Search on Michigan’s OAIster for Einstein and format=image. Note rec. 1, 2 forms of name in author/creator, subject is a description. Note rec. 2, type=image, but very little indicates it’s a photo, weird note text, subjects stuck together in a single string
These are the 15 Dublin Core fields. None are required, all are repeatable.
You’ll notice they’re pretty basic. That’s because they’re supposed to be “core.” Many of them are obvious inclusions – title, creator, description, publisher. Others are not so obvious from their names. “Type” is meant to be used to indicate a general category to which the resource belongs. Some suggested types are image, physical object, text, collection, and event. “Format” is for describing the physical or digital manifestation of a resource. You would record things like dimensions, duration, software needed in “format.”
You’ll also notice that these terms are extremely generic – “creator” for example. Again, they must be this generic because Dublin Core is meant to be useable to describe any type of resource. You may look at this list and think these elements are TOO generic to be really useful. To try and change that, Dublin Core is defined in two types: qualified and unqualified. Unqualified is just using this list of fields, exactly as they are written here. Qualified Dublin Core allows the specification of a refinement of the meaning of the field or the encoding scheme used for the field. The first of these, refining the meaning of the field, would be used, for example, with “creator.” A qualifier could specify what role that creator had in the development of the resource. The second, specifying the encoding scheme, could be used, for example, with the “subject” field, to indicate the name of the controlled vocabulary from which a subject was taken. Unfortunately, OAI requires unqualified Dublin Core to be used, so the harvester couldn’t take advantage (at least in phase 1) of the greater specificity of description provided by qualifiers.
Even though unqualified DC is required for OAI, there are some reasons why it’s not the best metadata format to use for describing and searching sheet music collections.
Although it doesn’t specifically limit its scope to online materials, DC was designed in the networked world. Field definitions tend to work better for networked materials. For example, the “format” element description suggests using internet mime types.
Many of the DC fields have suggestions for controlled vocabularies to use. Internet mime types for format is one example. For subject, “recommended best practice” is to use terms from a CV, but no specific ones are identified. But DC itself does not require field values to conform to these suggestions.
As we saw earlier, using unqualified DC doesn’t offer a great deal of specificity for describing resources. Sheet music has specific needs that DC can’t meet. For example, being able to distinguish between composers, lyricists, and arrangers is important for users of sheet music collections.

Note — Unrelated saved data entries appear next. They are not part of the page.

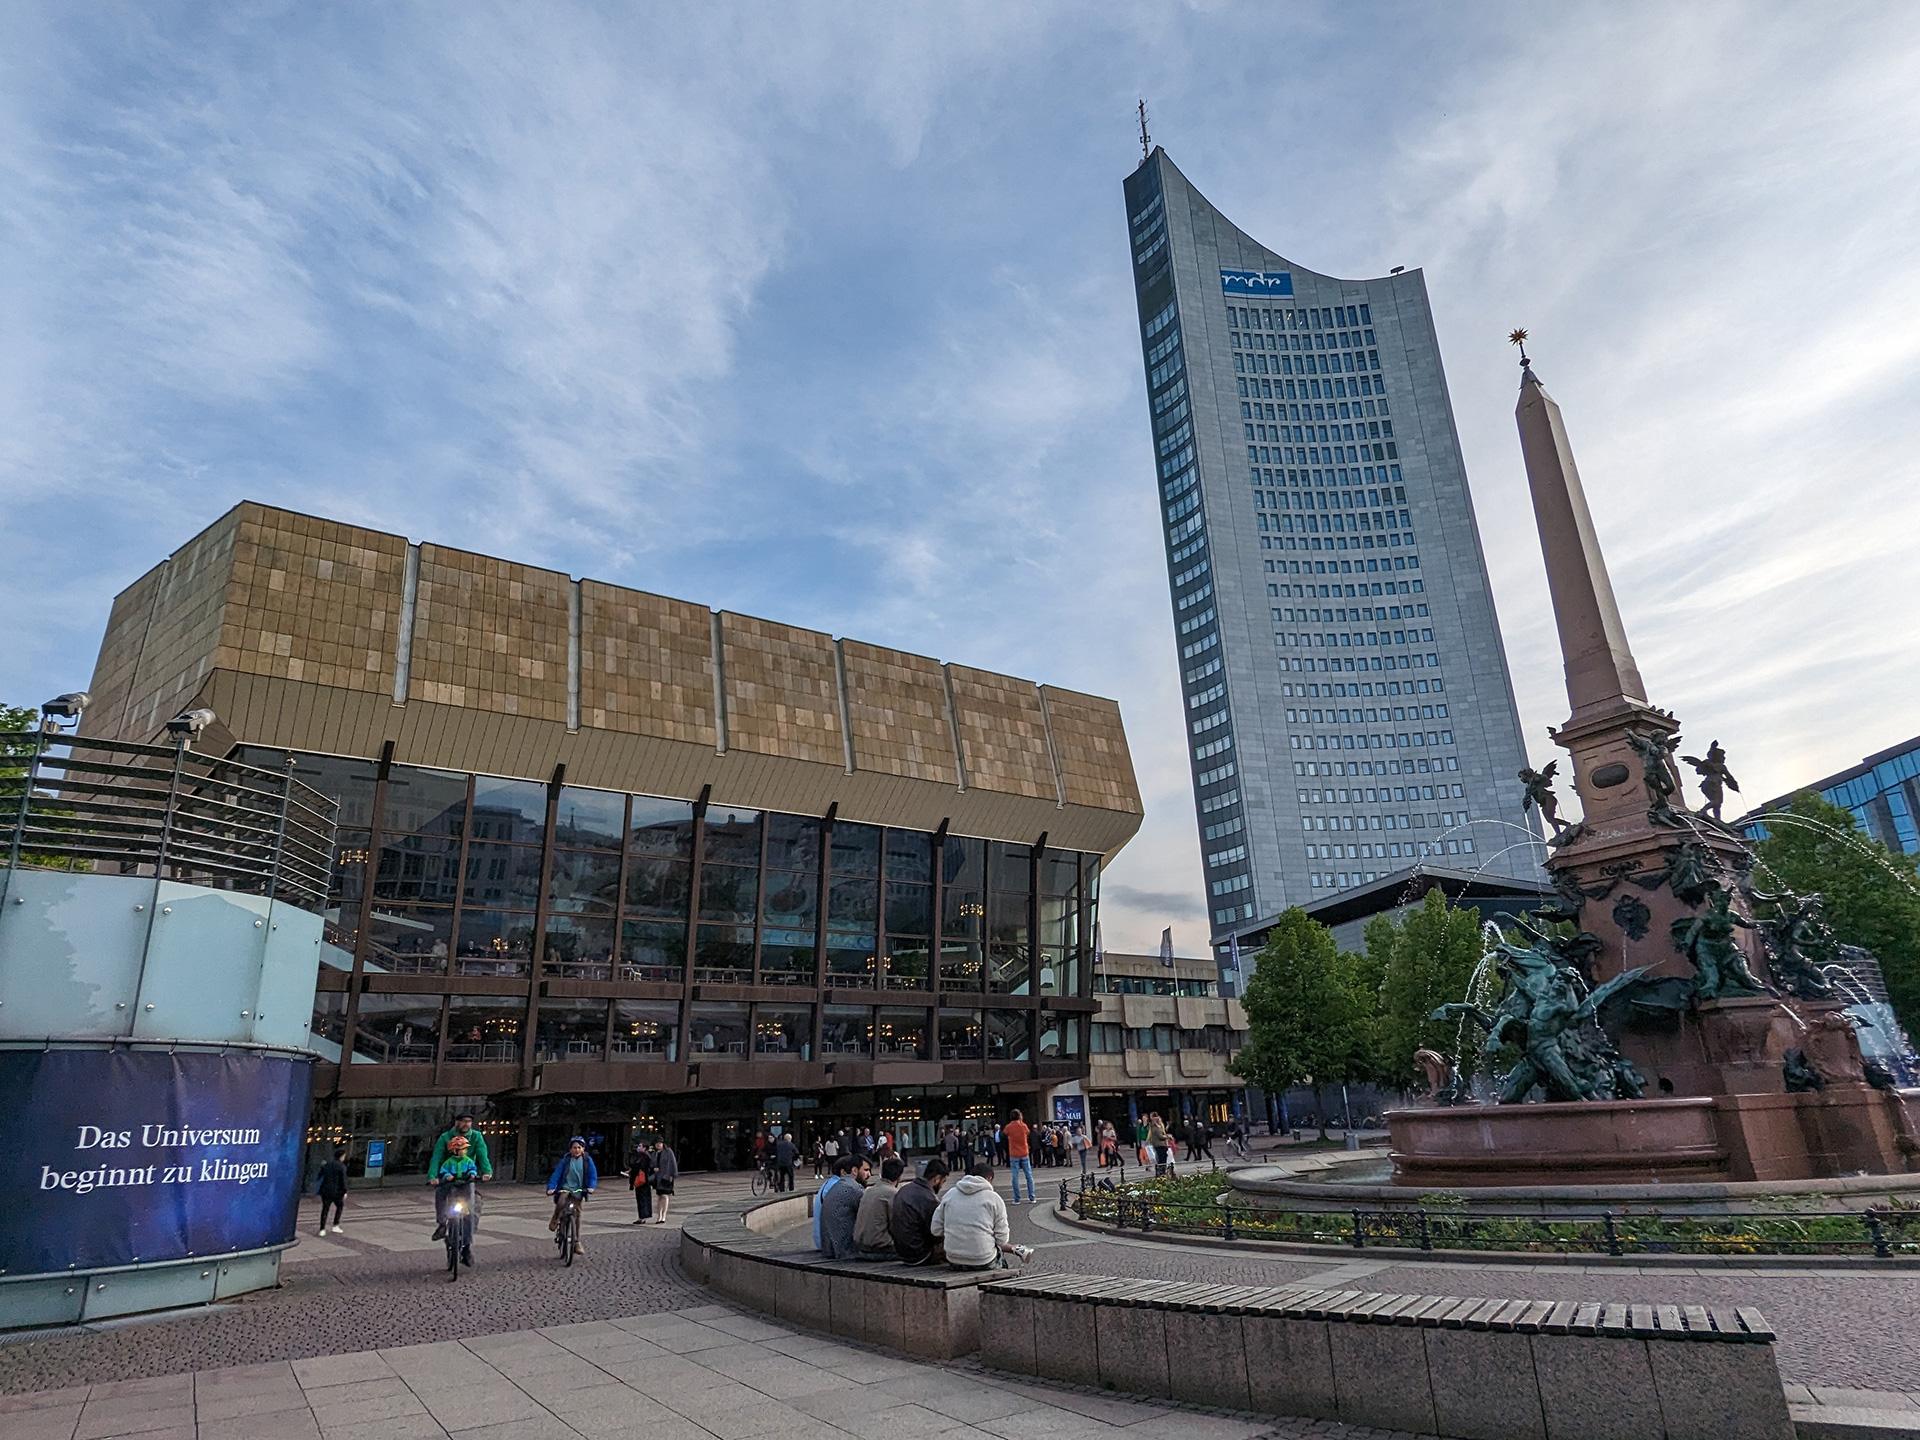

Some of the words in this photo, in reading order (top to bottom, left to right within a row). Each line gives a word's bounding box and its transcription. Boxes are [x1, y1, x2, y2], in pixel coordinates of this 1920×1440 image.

[1222, 272, 1281, 288] mdr
[74, 1125, 131, 1149] Das
[142, 1124, 260, 1147] Universum
[40, 1163, 156, 1194] beginnt
[161, 1165, 193, 1184] zu
[199, 1158, 268, 1184] klingen

Despite our efforts to clarify DC field definitions for use with the harvester, it is inevitable that the fields would be used differently by different institutions.
Duke (rare materials emphasis) and IU (little authority control) had records in MARC too, but these weren’t contributed in phase 1 of the project.

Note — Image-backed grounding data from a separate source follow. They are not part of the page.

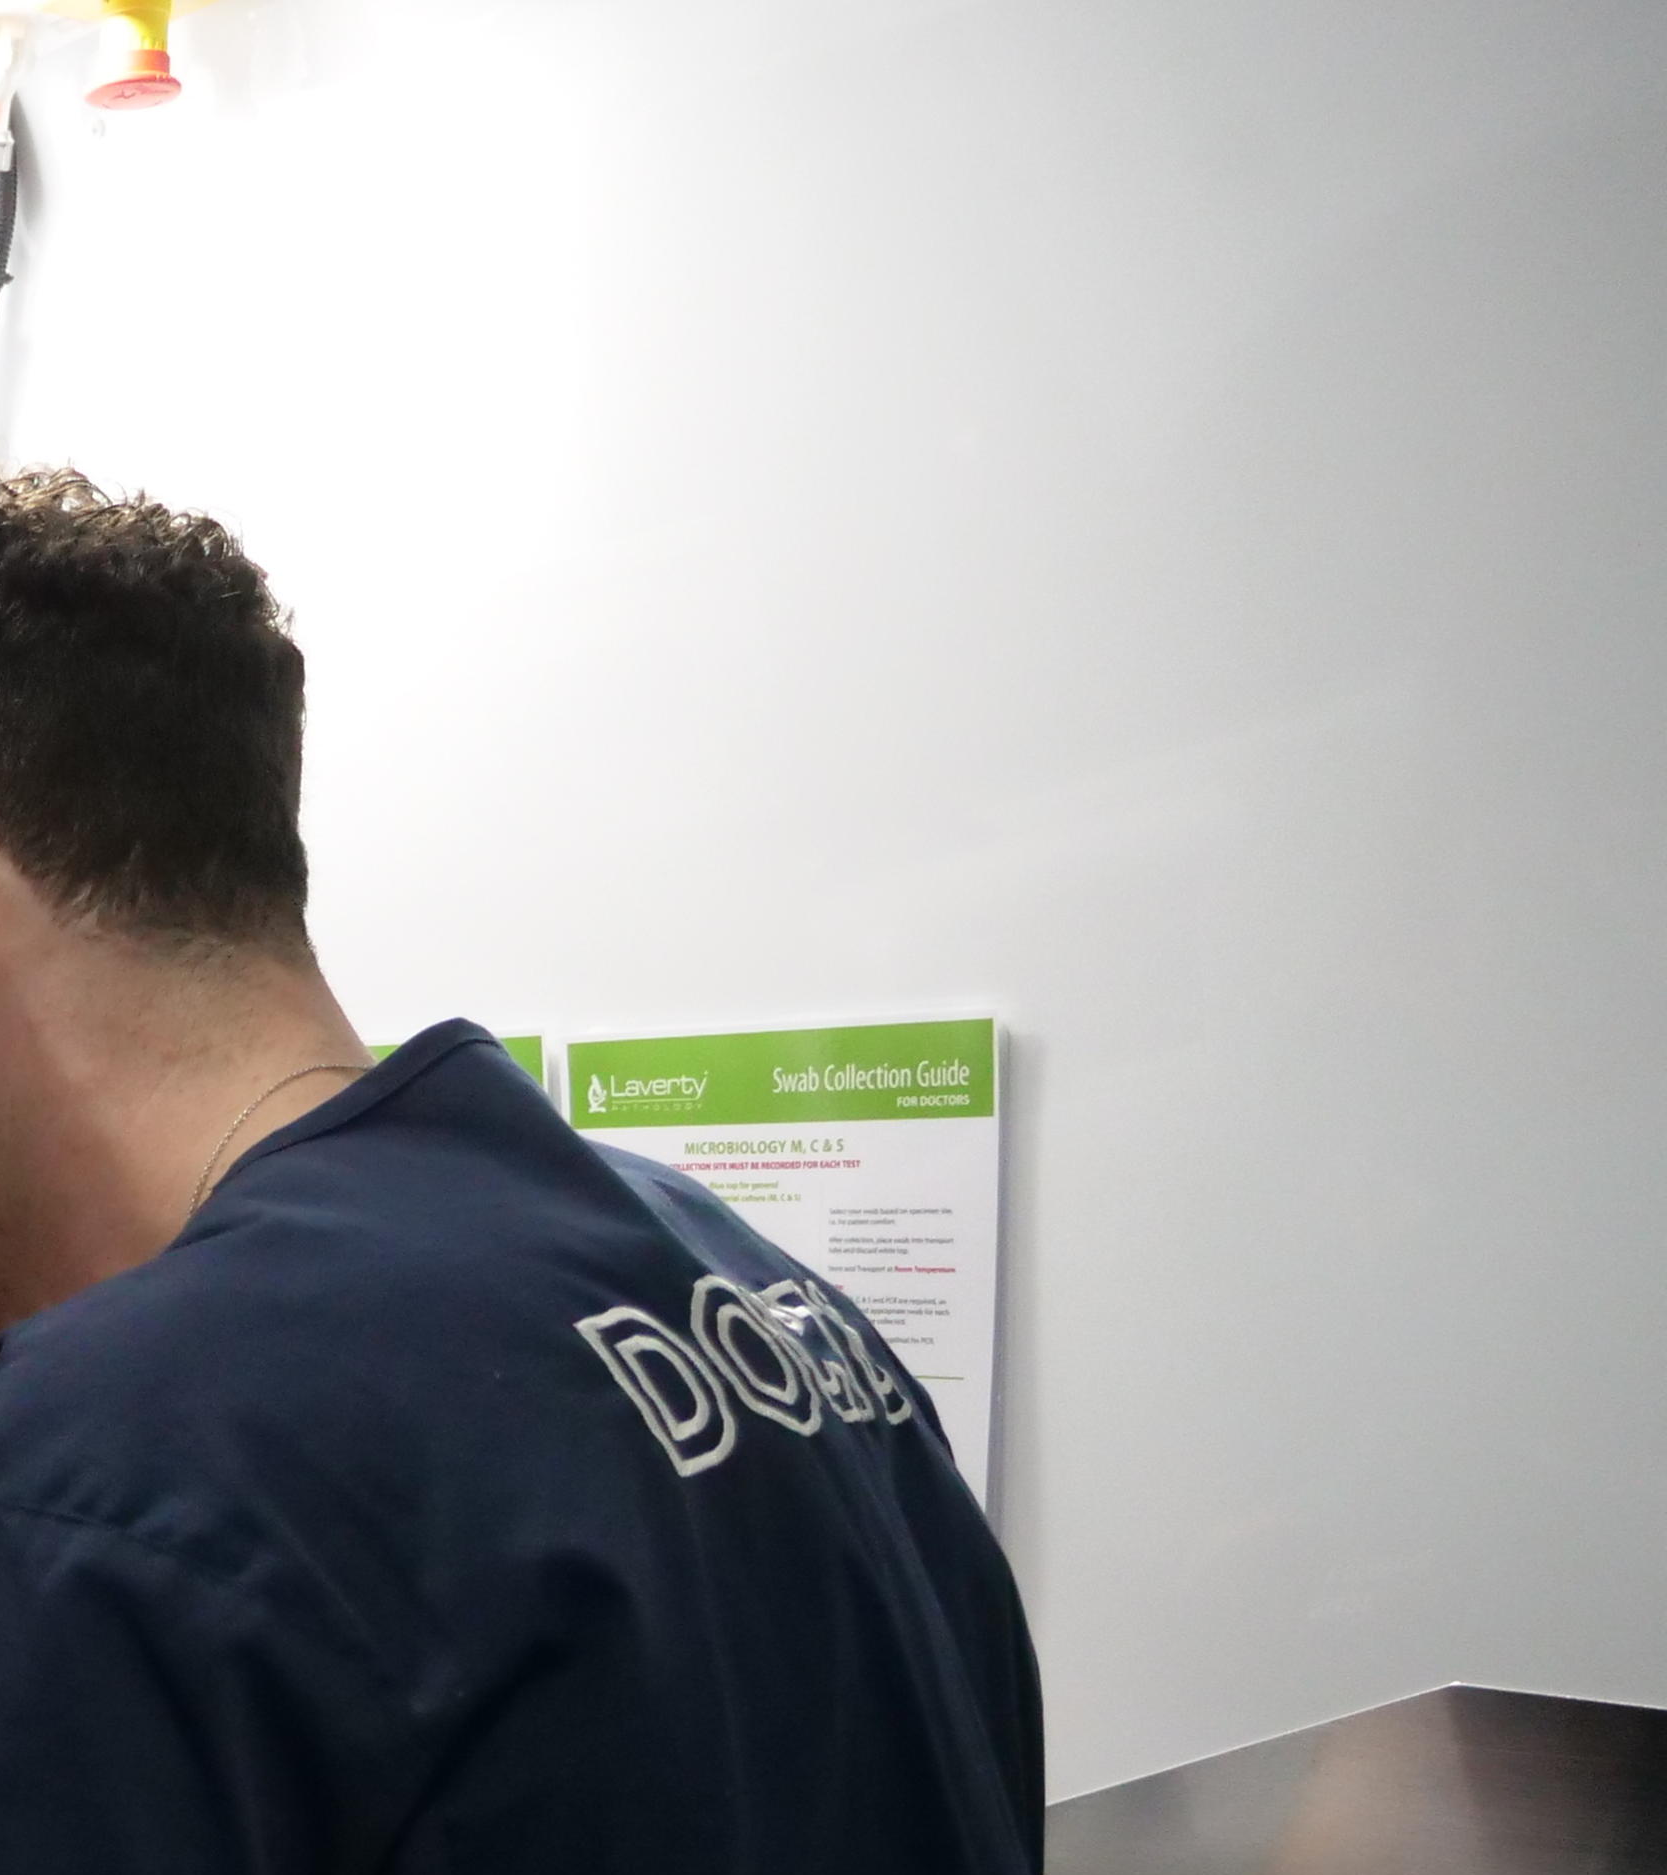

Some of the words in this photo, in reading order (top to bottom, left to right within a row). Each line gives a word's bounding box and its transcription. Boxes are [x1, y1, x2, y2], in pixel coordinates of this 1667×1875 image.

[772, 1067, 820, 1093] Swab
[824, 1063, 911, 1091] Collection
[916, 1059, 970, 1087] Guide
[611, 1071, 708, 1100] Laverty
[896, 1096, 919, 1108] FOR
[920, 1094, 970, 1107] DOCTORS
[684, 1140, 787, 1156] MICROBIOLOGY
[790, 1139, 807, 1154] M,
[810, 1139, 820, 1153] C
[823, 1139, 834, 1152] &
[836, 1138, 844, 1152] S
[713, 1163, 728, 1171] SITE
[729, 1162, 749, 1170] MUST
[750, 1162, 760, 1170] BE
[761, 1161, 802, 1170] RECORDED
[803, 1160, 819, 1169] FOR
[820, 1160, 841, 1169] EACH
[842, 1159, 861, 1168] TEST

Very specific info, for example: subject type (LCSH, AAT, TGM), dedicatee, recordings available
Very specific for sheet music, not good even for other types of printed music.
No authority control
MARC has more fields than custom DBs, but custom DBs have more applicable fields. Many MARC records don’t have relator codes, so we don’t know who’s a composer and who’s a lyricist.
Even if each individual collection was under name authority, they still might not interoperate. But the problem was much worse – there wasn’t even agreement on name order!
Local subject vocabs in use, so even a complex mapping between LCSH, AAT, TGM wouldn’t solve the problem.